The freezing point test has been the primary method for evaluating jet fuel performance in cold conditions for a long time. The logic was simple: if the fuel doesn’t freeze, it should flow. In practice, this isn’t always true. Recent studies show that viscosity – the measure of a fuel’s resistance to flow – is a much stronger predictor of whether jet fuel will reliably move through pumps and lines at low temperatures.

Freezing Point is losing dominance

According to a Coordinating Research Council (CRC) analysis, engine original equipment manufacturers (OEMs) show greater concern for how well fuel flows through the aircraft system, especially at low temperatures – not just whether it has solidified in the tank. The study concluded that “freezing point test is not an effective test for predicting fuel flow behavior in the aircraft at low temperatures.” In other words, just because a fuel sample hasn’t frozen doesn’t mean it will flow easily enough to support engines, pumps, and auxiliary systems.

Viscosity, on the other hand, directly measures how easily fuel can be pumped, atomized, and delivered where it’s needed. High viscosity can limit fuel movement, which leads to reliability risks, especially during long-haul flights where fuel temperatures drop significantly.

Recommendations from the CRC Report

  • Develop or validate a low-temperature scanning viscometer capable of accurately predicting pumpability.
  • Establish a viscosity-equivalent limit that can be used in fuel specifications.
  • Investigate chemical changes affecting viscosity at low temps.
  • Assess OEM support for replacing freezing-point methods with viscosity-based criteria.

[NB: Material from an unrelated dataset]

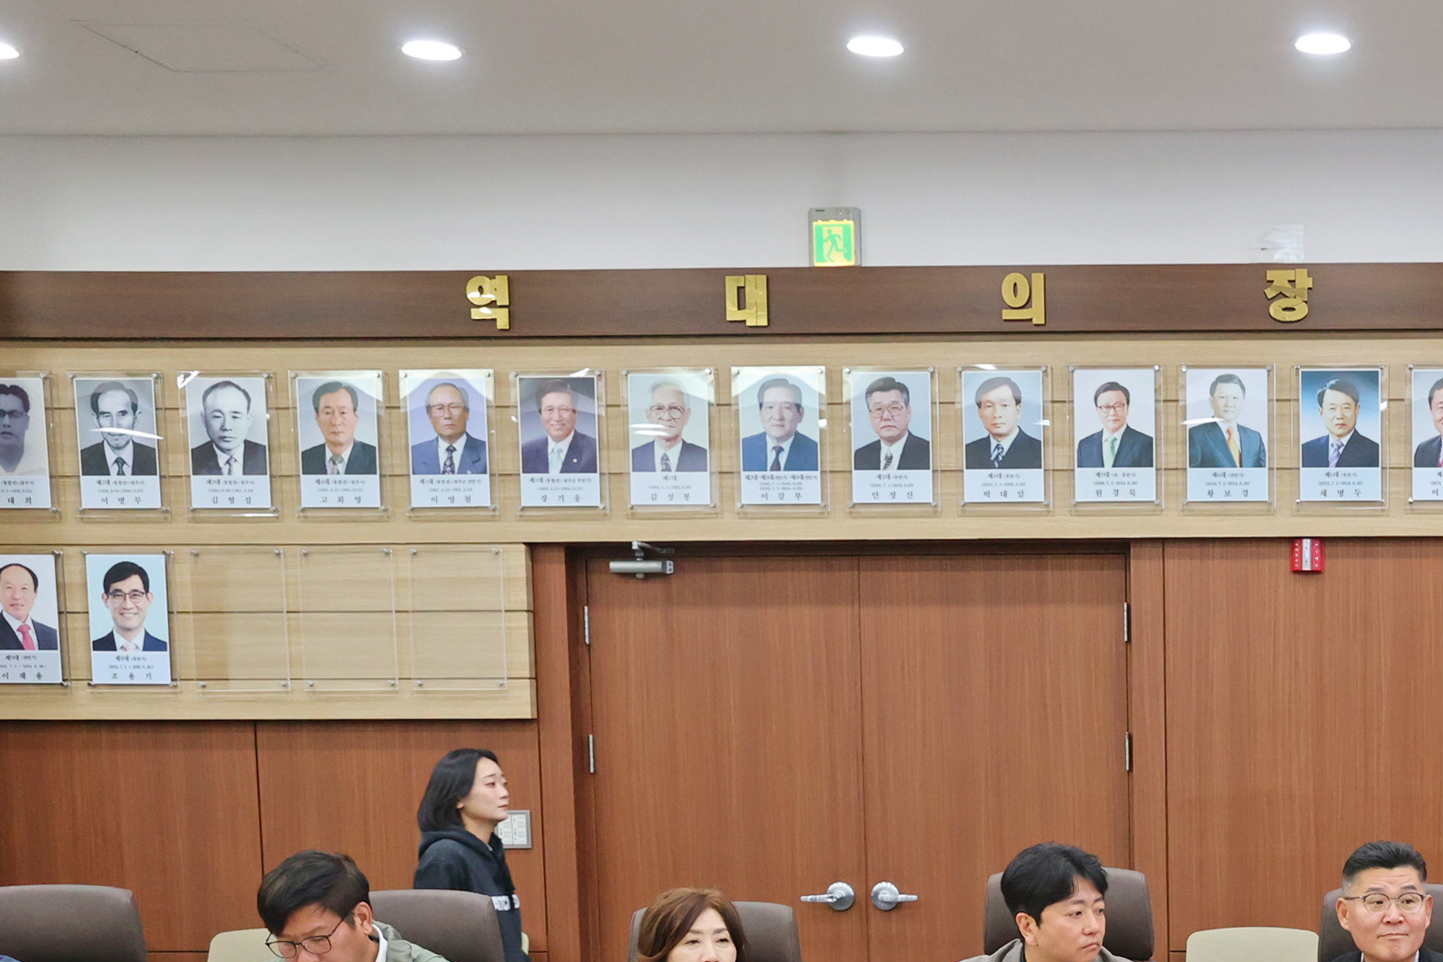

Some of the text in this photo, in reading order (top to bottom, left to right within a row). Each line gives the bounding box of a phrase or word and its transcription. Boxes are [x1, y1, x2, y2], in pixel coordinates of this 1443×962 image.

[465, 268, 1313, 330] 역 대 의 장

Based on these recommendations, the aviation industry is shifting from theoretical freeze thresholds to flow-based diagnostics.

Enter the JFA-70Xi – A Modern Three-in-One Analyzer

Responding to this industry need, Phase Technology (now part of PAC) introduced the JFA-70Xi, the first and only certified analyzer to integrate:

  • Freezing Point (ASTM D5972/IP-435)
  • Viscosity (ASTM D7945) at –20 °C and –40 °C
  • Density (ASTM D4052)

All three tests are performed in less than 15 minutes, without chillers, solvents, or manual pipetting. It features automatic vial injection, self-cleaning and automatically calculates the 12 cSt viscosity limit.

Plus, the JFA-70Xi’s ASTM D7945 viscosity method provides significantly better repeatability and reproducibility than traditional standards like D445.

This innovation directly aligns with the CRC’s push for low-temperature viscosity as a key spec – and even earned inclusion in ASTM D1655, the official specification for jet fuel certification.